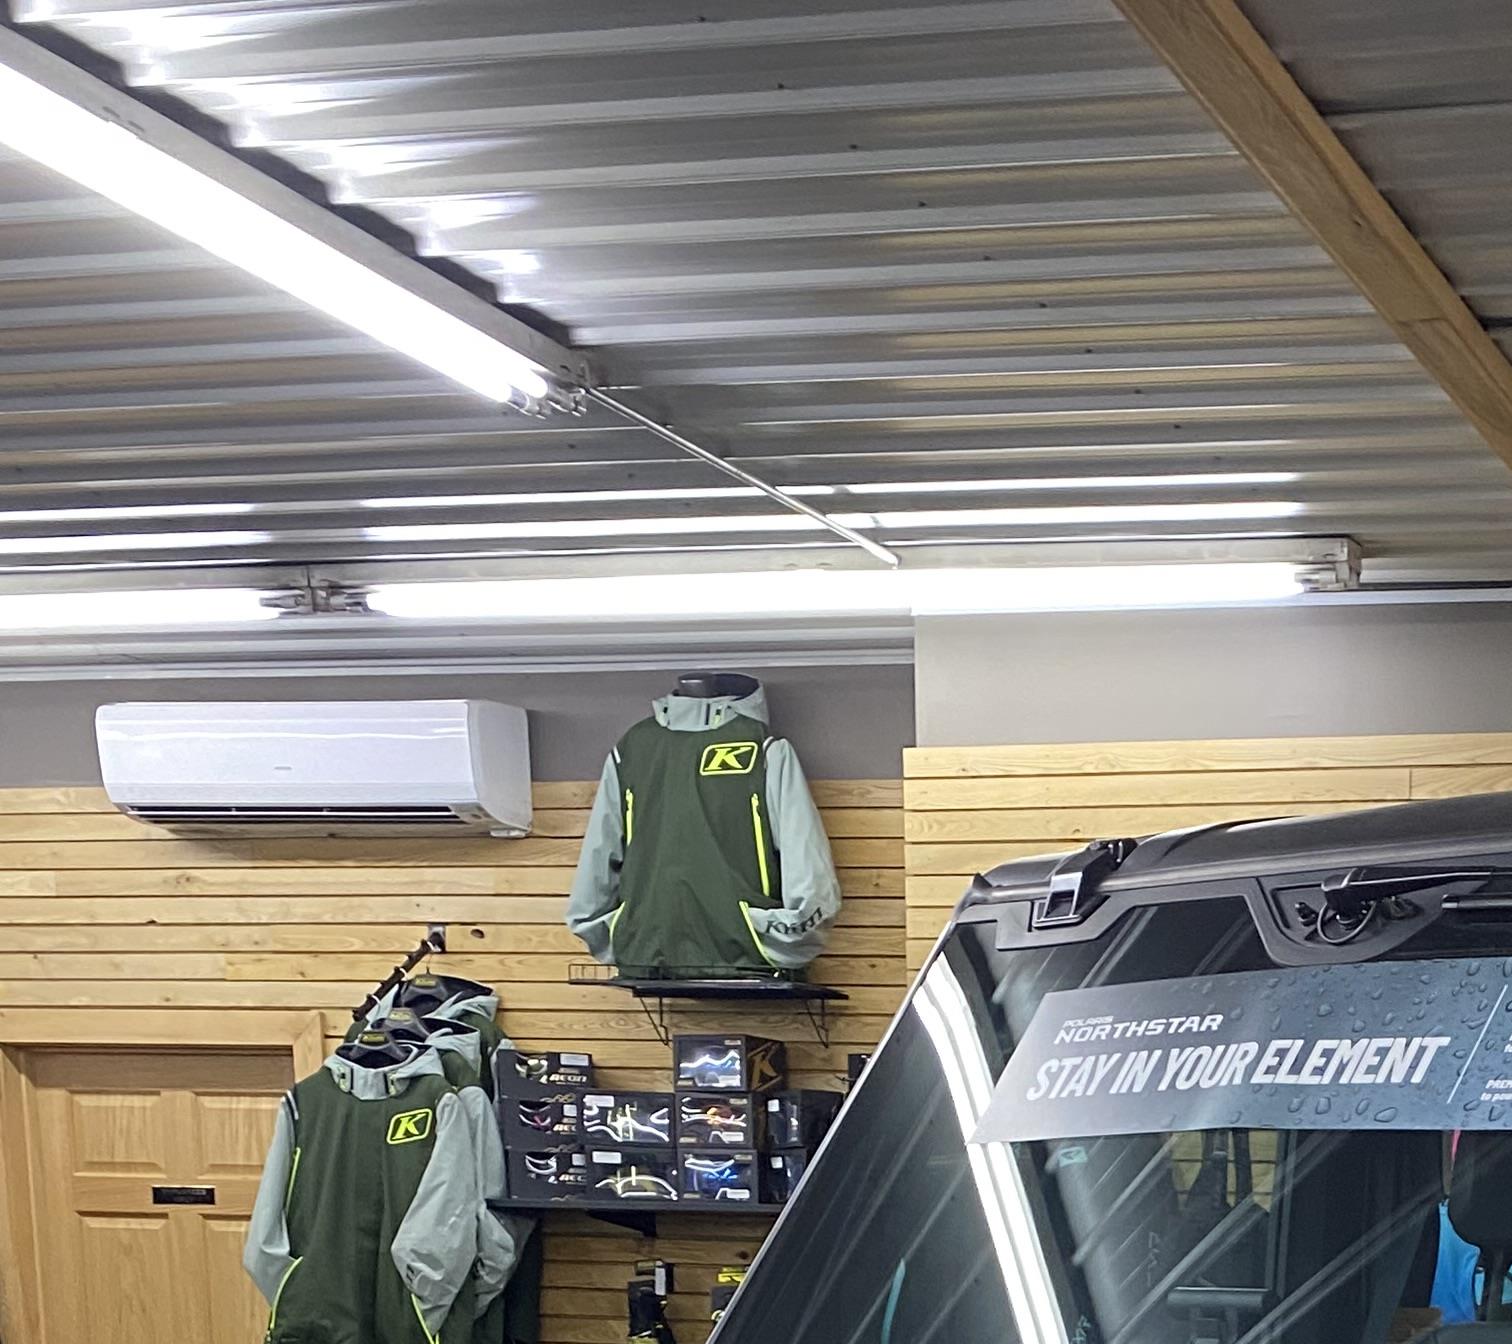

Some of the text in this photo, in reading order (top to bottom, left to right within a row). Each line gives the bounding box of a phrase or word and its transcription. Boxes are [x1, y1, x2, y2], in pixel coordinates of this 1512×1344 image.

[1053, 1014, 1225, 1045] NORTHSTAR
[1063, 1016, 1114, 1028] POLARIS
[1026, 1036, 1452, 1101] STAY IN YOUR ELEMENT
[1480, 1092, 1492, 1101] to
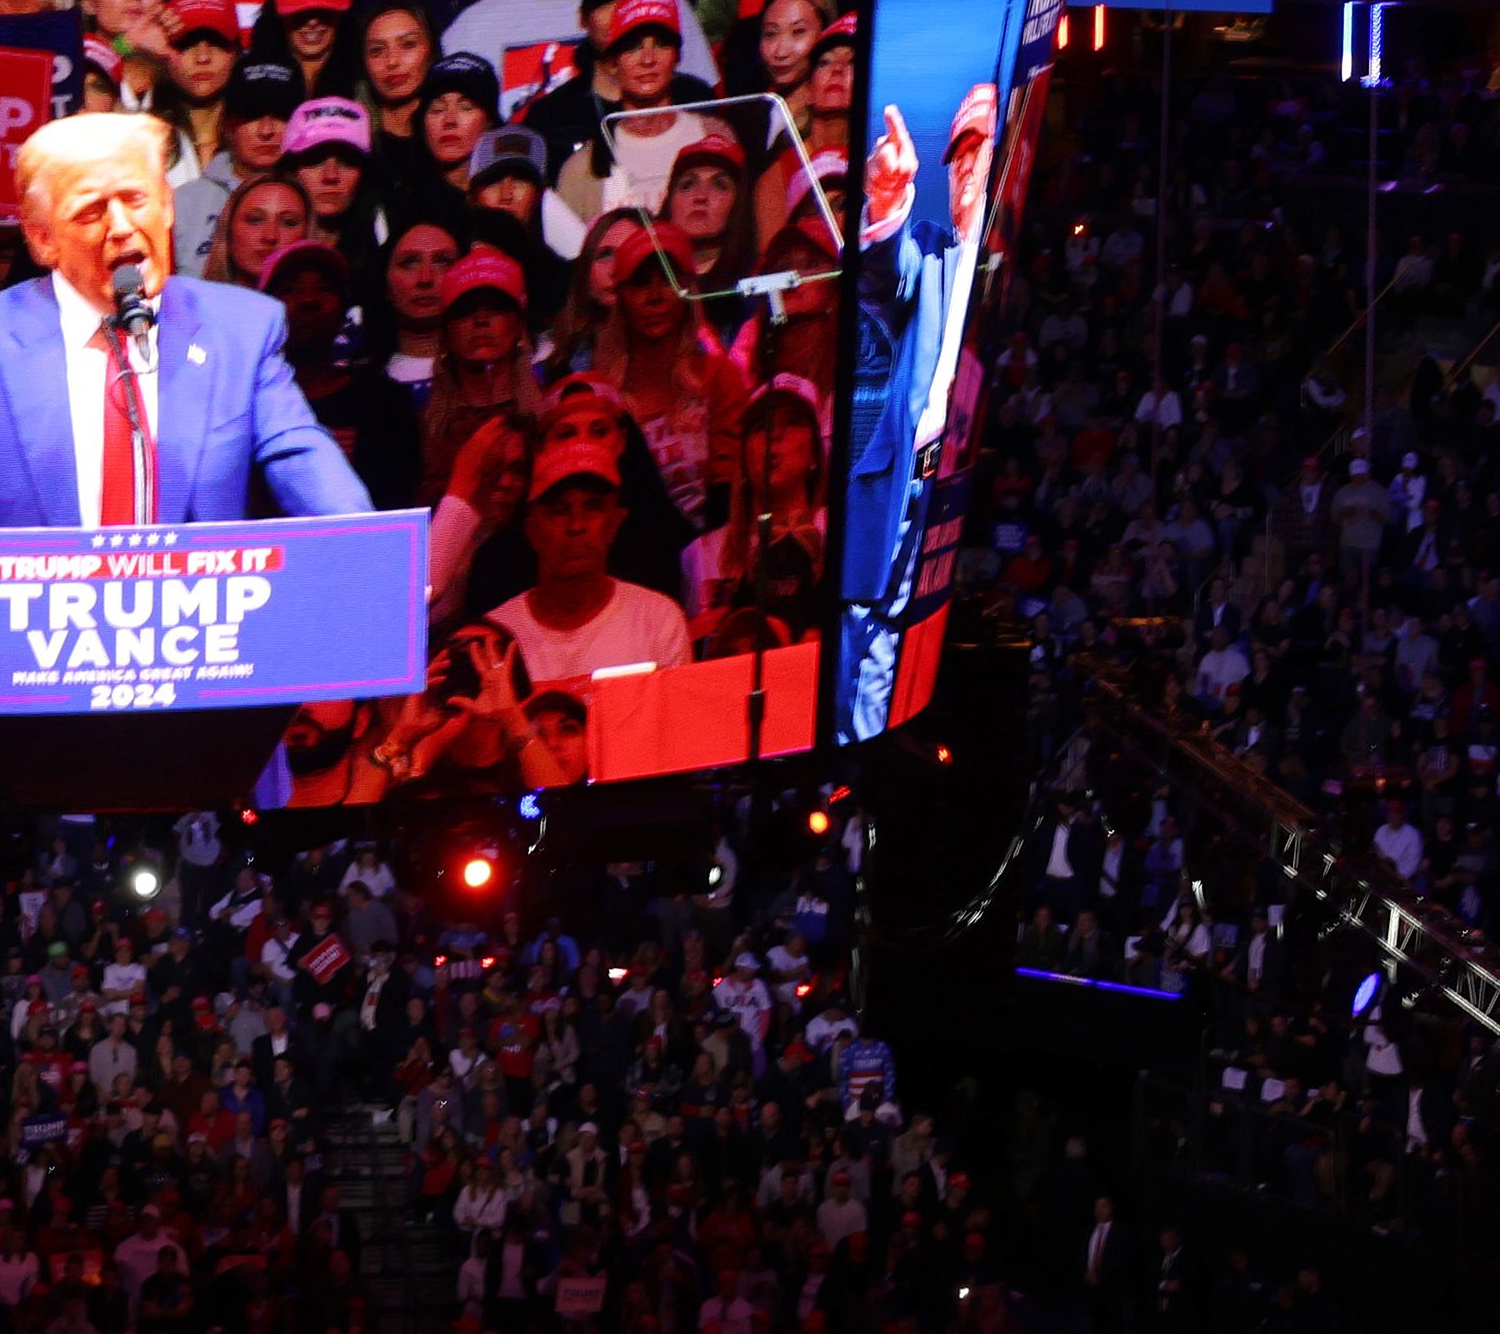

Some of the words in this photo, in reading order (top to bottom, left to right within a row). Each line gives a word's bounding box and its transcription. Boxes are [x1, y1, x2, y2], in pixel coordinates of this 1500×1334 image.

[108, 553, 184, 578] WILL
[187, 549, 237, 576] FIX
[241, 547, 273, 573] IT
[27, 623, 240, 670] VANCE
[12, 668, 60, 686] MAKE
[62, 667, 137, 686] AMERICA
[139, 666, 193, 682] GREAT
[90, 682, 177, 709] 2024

## Exercise brief
In the copy, omit the pictures and give every line of the data exactly.

## Response below
Some of the text in this photo, in reading order (top to bottom, left to right within a row). Each line gives the bounding box of a phrase or word and its transcription. Boxes are [x1, y1, x2, y2], in pixel coordinates of this 1512×1344 image.

[1053, 1014, 1225, 1045] NORTHSTAR
[1063, 1016, 1114, 1028] POLARIS
[1026, 1036, 1452, 1101] STAY IN YOUR ELEMENT
[1480, 1092, 1492, 1101] to

Some of the words in this photo, in reading order (top to bottom, left to right within a row). Each line gives a word's bounding box and its transcription. Boxes are [x1, y1, x2, y2], in pixel coordinates of this 1500×1334 image.

[108, 553, 184, 578] WILL
[187, 549, 237, 576] FIX
[241, 547, 273, 573] IT
[27, 623, 240, 670] VANCE
[12, 668, 60, 686] MAKE
[62, 667, 137, 686] AMERICA
[139, 666, 193, 682] GREAT
[90, 682, 177, 709] 2024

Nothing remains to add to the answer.